• [Task details]: From the records below, extract all the text exactly and leave the images behind.

• [Extracted data]:
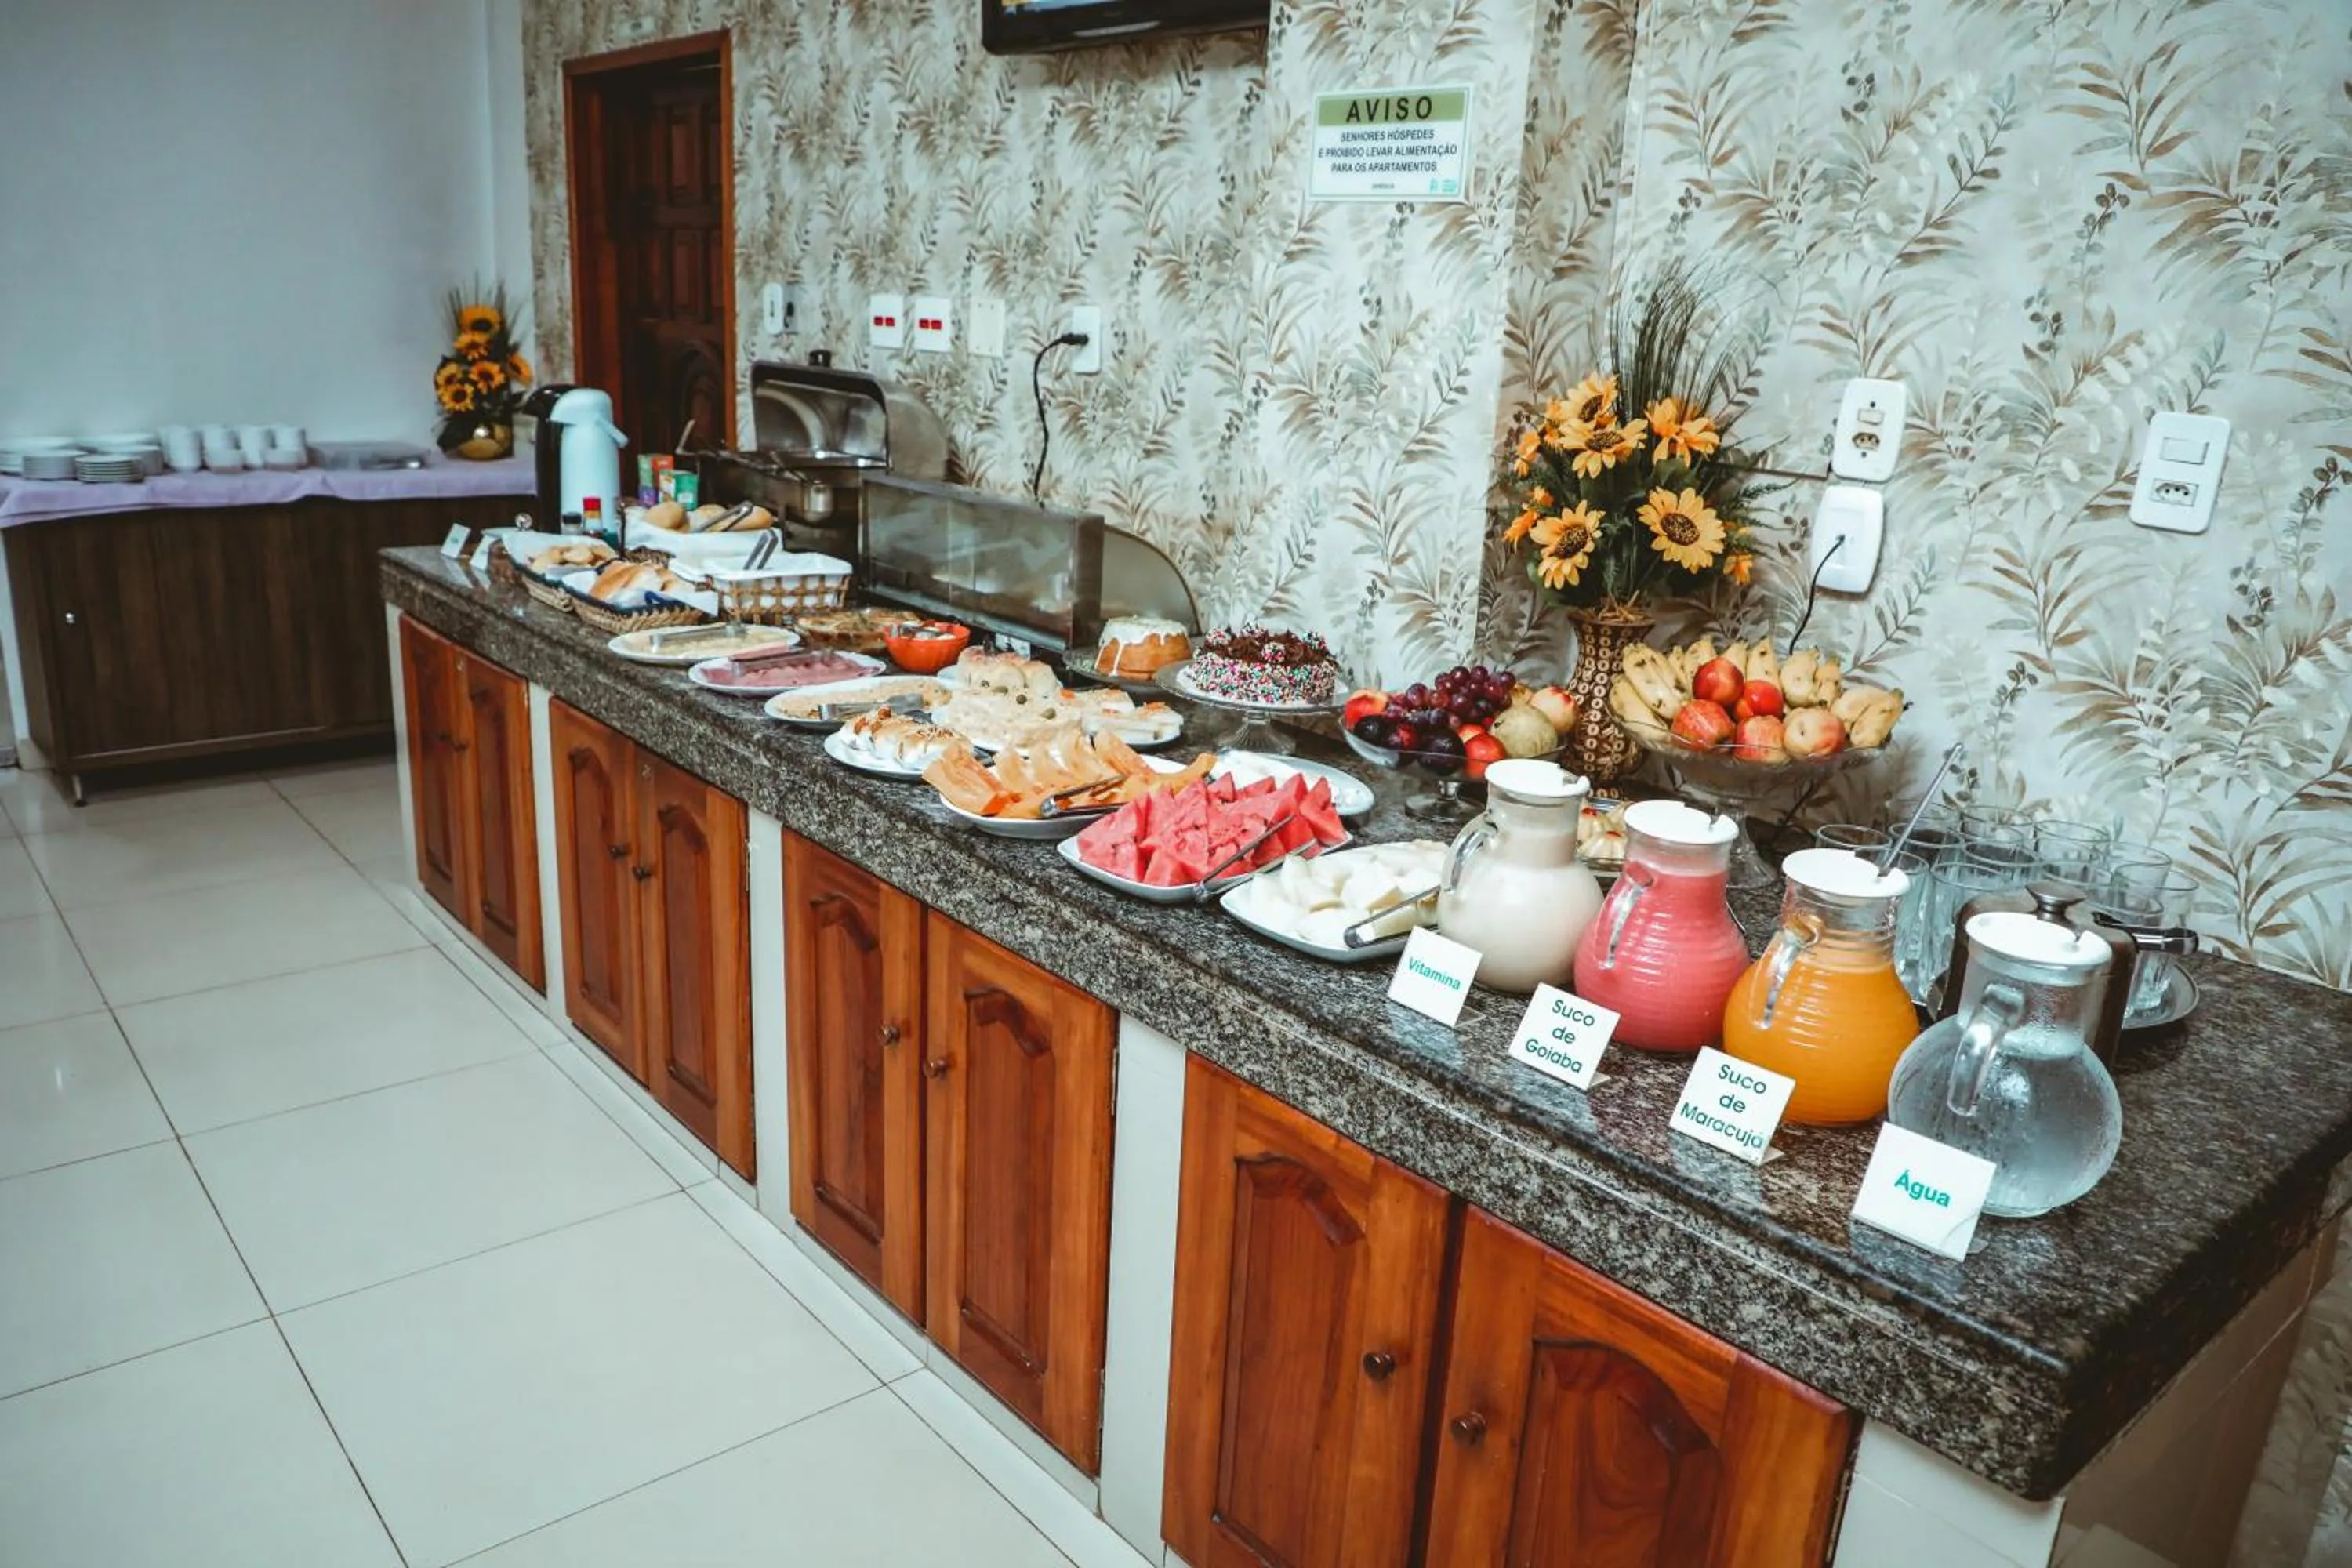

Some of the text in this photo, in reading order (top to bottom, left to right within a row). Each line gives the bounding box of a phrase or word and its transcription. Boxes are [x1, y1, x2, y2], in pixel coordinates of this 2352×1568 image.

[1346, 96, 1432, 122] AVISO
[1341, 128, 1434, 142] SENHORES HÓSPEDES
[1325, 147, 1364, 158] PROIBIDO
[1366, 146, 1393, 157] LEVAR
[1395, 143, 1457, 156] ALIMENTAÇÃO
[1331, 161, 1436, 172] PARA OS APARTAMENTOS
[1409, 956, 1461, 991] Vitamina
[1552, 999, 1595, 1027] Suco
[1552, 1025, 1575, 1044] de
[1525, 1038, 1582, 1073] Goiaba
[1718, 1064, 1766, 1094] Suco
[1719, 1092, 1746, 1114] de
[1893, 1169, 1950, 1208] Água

• [Task response]:
Some of the text in this photo, in reading order (top to bottom, left to right within a row). Each line gives the bounding box of a phrase or word and its transcription. Boxes are [x1, y1, x2, y2], in pixel coordinates of this 2352×1568 image.

[1346, 96, 1432, 122] AVISO
[1341, 128, 1434, 142] SENHORES HÓSPEDES
[1325, 147, 1364, 158] PROIBIDO
[1366, 146, 1393, 157] LEVAR
[1395, 143, 1457, 156] ALIMENTAÇÃO
[1331, 161, 1436, 172] PARA OS APARTAMENTOS
[1409, 956, 1461, 991] Vitamina
[1552, 999, 1595, 1027] Suco
[1552, 1025, 1575, 1044] de
[1525, 1038, 1582, 1073] Goiaba
[1718, 1064, 1766, 1094] Suco
[1719, 1092, 1746, 1114] de
[1893, 1169, 1950, 1208] Água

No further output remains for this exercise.